You can install the released version of IETD from GitHub with:

# install.packages("devtools")
devtools::install_github("lfduquey/IETD")

Example

These are two basic examples of two functions of IETD; the drawre and CVA functions.

The drawre function draws rainfall events from a sub-daily rainfall time series based on the inter-event time definition (IETD) method. The function allows slight rainfall events to be characterized which are in turn not considered in the extraction of rainfall events (a rainfall event whose rainfall pulses are lower than a threshold is characterized as a slight rainfall event). IETD is defined as the minimum dry or rainless period between two independent events.This time interval is applied to a continuous time series: if two groups of consecutive pulses of rainfall are separated by a rainless period longer than or equal to IETD, they are considered as two independent rainfall events; otherwise, these two groups are categorized as belonging to the same event. A rainless period between two independent events is known as inter-event time (b) and by definition b>= IETD. The required inputs are a sub-daily rainfall time series, the value of IETD, and a rainfall depth threshold to define slight rainfall events (default value 0.5).The sub-daily rainfall time series must be in a dataframe; first column contains the time and day of the rainfall pulse and the second one the depth of rainfall in each time step. The date must be as POSIXct class.

The drawre function returns a list with a dataframe, named Rainfall_Characteristics, and a sublist, named Rainfall_Events. Rainfall_Characteristics contains the main information of each extracted rainfall event such as the number of event, the beginning and end of the event, duration, volume, and average intensity. Rainfall_Events contains several dataframes with the values of rainfall pulses of each extracted rainfall event. The first dataframe in Rainfall_Events corresponds to the first event in Rainfall_Characteristics, the second dataframe in Rainfall_Events corresponds to the second event in Rainfall_Characteristics and so on.

## Example of the use of drawre function
library(IETD)
library(ggplot2)
library(scales)
## load a time series (an artificial data that is included in the package) and plot it.
Time_series<-hourly_time_series 
ggplot(Time_series,aes(x=Date,y=Rainfall.depth)) + 
theme_bw()+
geom_bar(stat = 'identity',colour="black",lwd=1, fill="gray")+
scale_x_datetime(labels = date_format("%Y-%m-%d %H"))+
ylab("Rainfall depth [mm]")     

## Apply drawre function to Time_series to extract independent rainfall events by considering IETD=5 and a rainfall depth threshold of 0.5 to define slight rainfall events.
Rainfall.Eevents<-drawre(Time_series,IETD=5,Thres=0.5)$Rainfall_Events 

## Plot the extracted event # 13
Event13<-Rainfall.Eevents[[13]]
ggplot(Event13,aes(x=Date,y=Rainfall.depth)) + 
  theme_bw()+
  geom_bar(stat = 'identity',colour="black", lwd=1, fill="gray")+
  scale_x_datetime(labels = date_format("%Y-%m-%d %H"))+
  ylab("Rainfall depth [mm]")

The CVA function on the other hand computes the inter-event time definition (IETD) based on the coefficient of variation analysis.
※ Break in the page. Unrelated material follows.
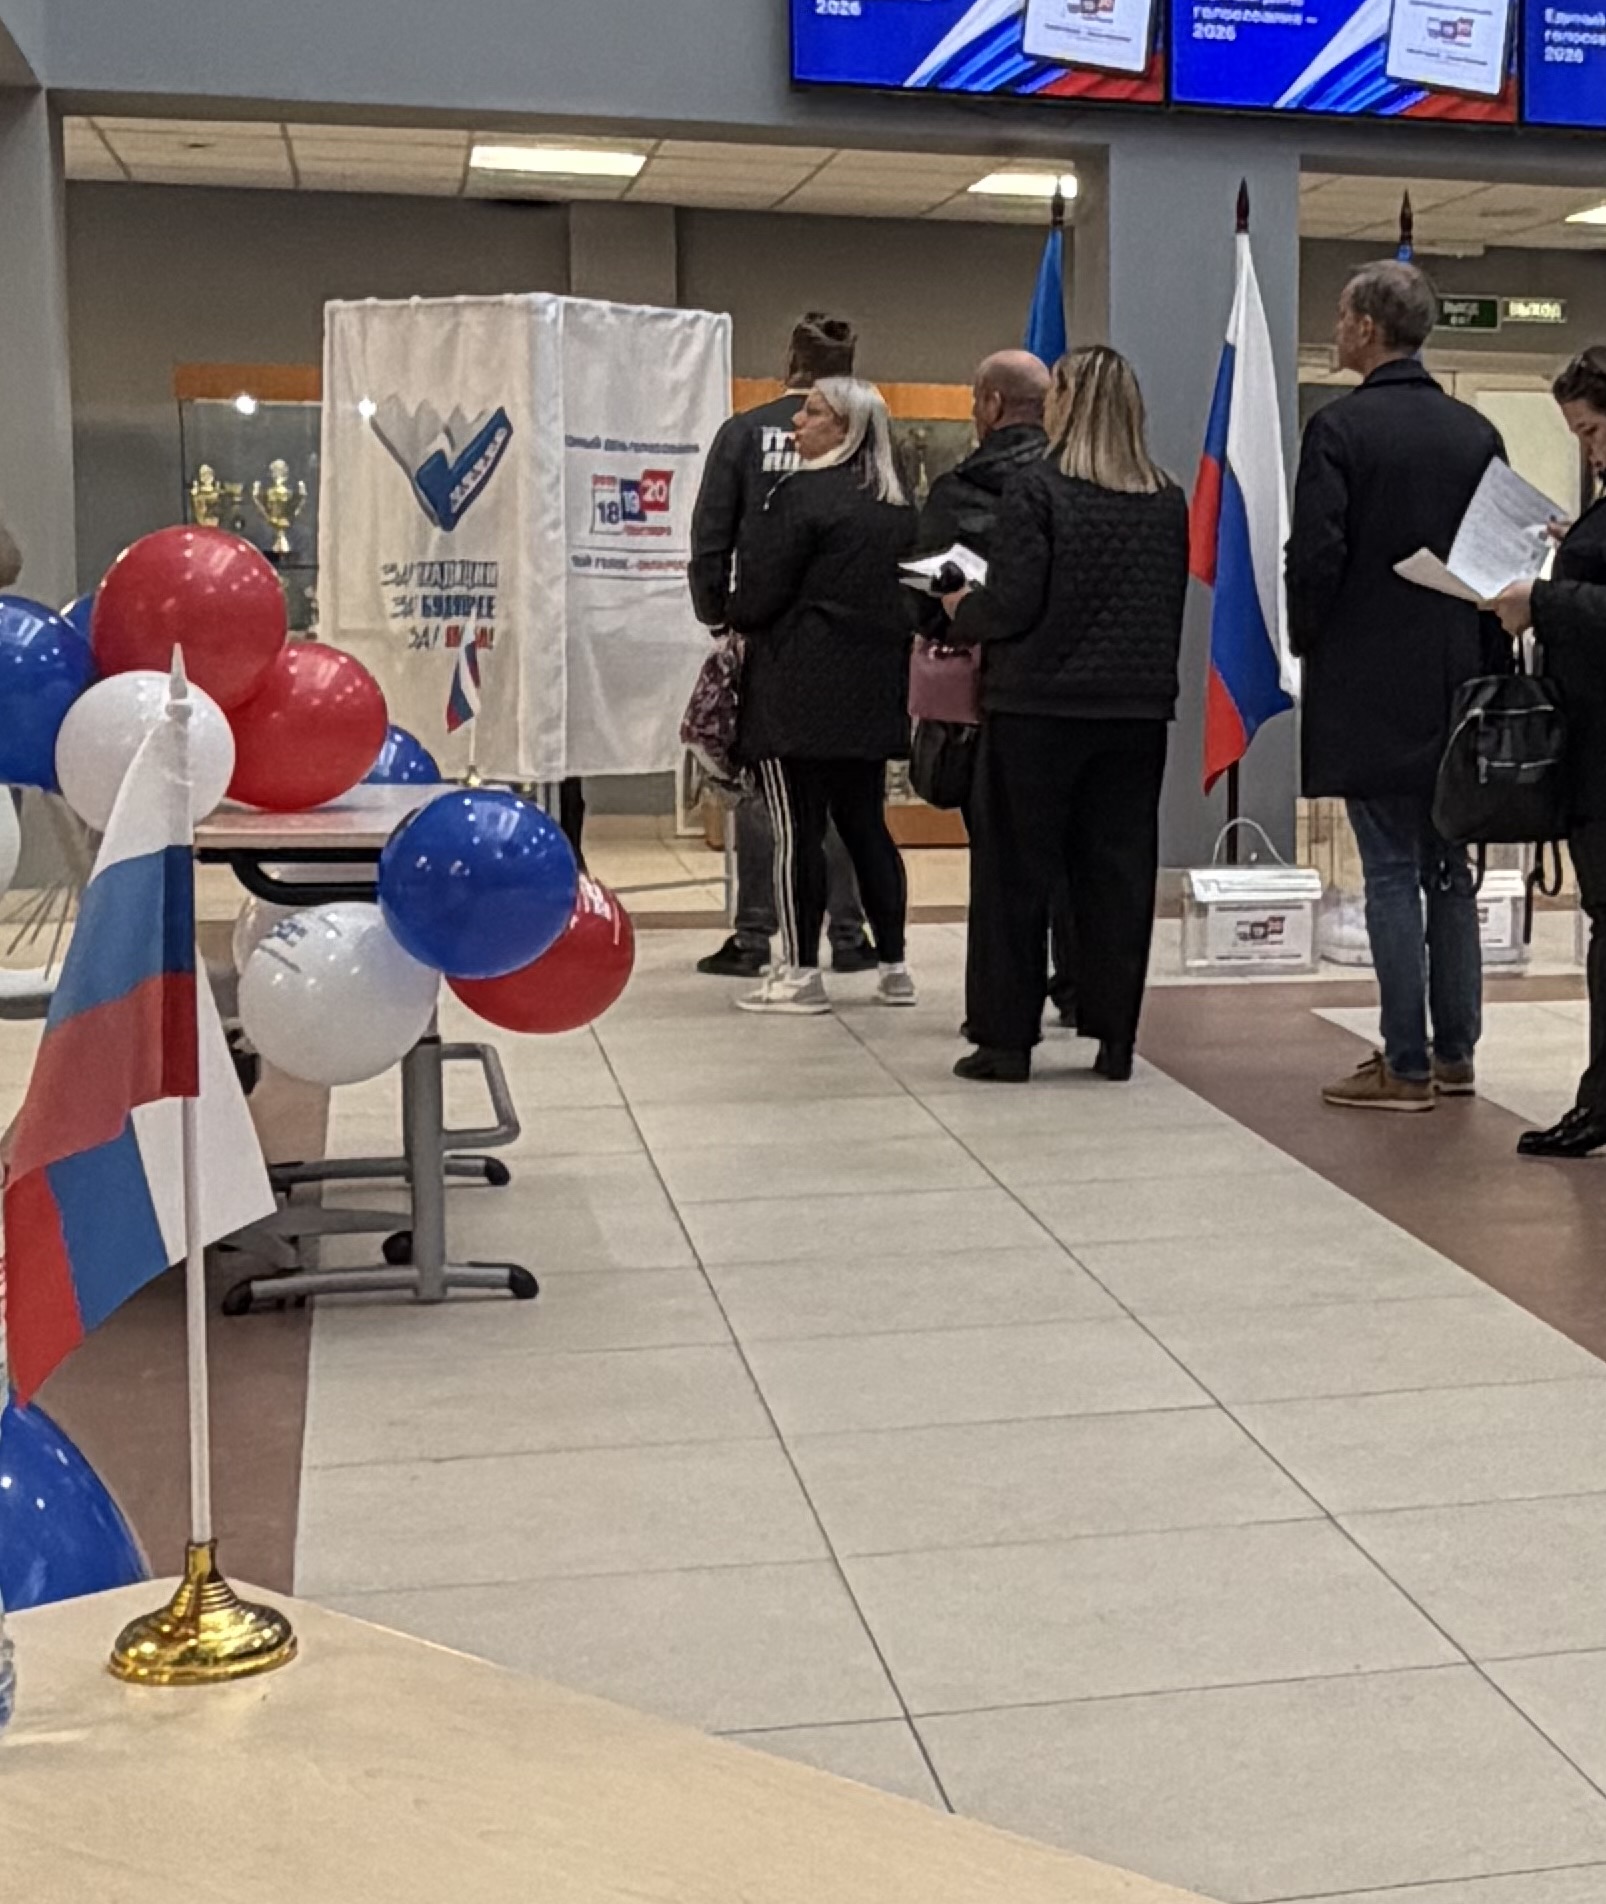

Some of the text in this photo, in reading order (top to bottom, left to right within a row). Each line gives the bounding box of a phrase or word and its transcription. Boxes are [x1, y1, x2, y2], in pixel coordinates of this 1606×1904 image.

[1193, 23, 1236, 41] 2026
[596, 501, 620, 525] 18
[642, 479, 668, 503] 20
This method assumes b is represented well by an exponential distribution. Since b>= IETD, IETD is computed as the value whose resulting coefficient of variation (CV) of b equal to unity.This analysis is done by testing several values of IETD and analyzing the resulting CV. The computed IETD is obtained via interpolation from the figure of IETD vs CV. The required inputs are a sub-daily rainfall time series and the maximum value of IETD to be analyzed (in hours). The sub-daily rainfall time series must be in a dataframe; first column contains the time and day of the rainfall pulse and the second one the depth of rainfall in each time step. The date must be as POSIXct class. The CVA function returns a list with a figure of IETD vs CV, a dataframe with the values of that figure, and the computed value of IETD.

## Example of the use of CVA function
Results_CVA<-CVA(Time_series=hourly_time_series,MaxIETD=24)
IETD_CVA<-Results_CVA$EITD
Results_CVA$Figure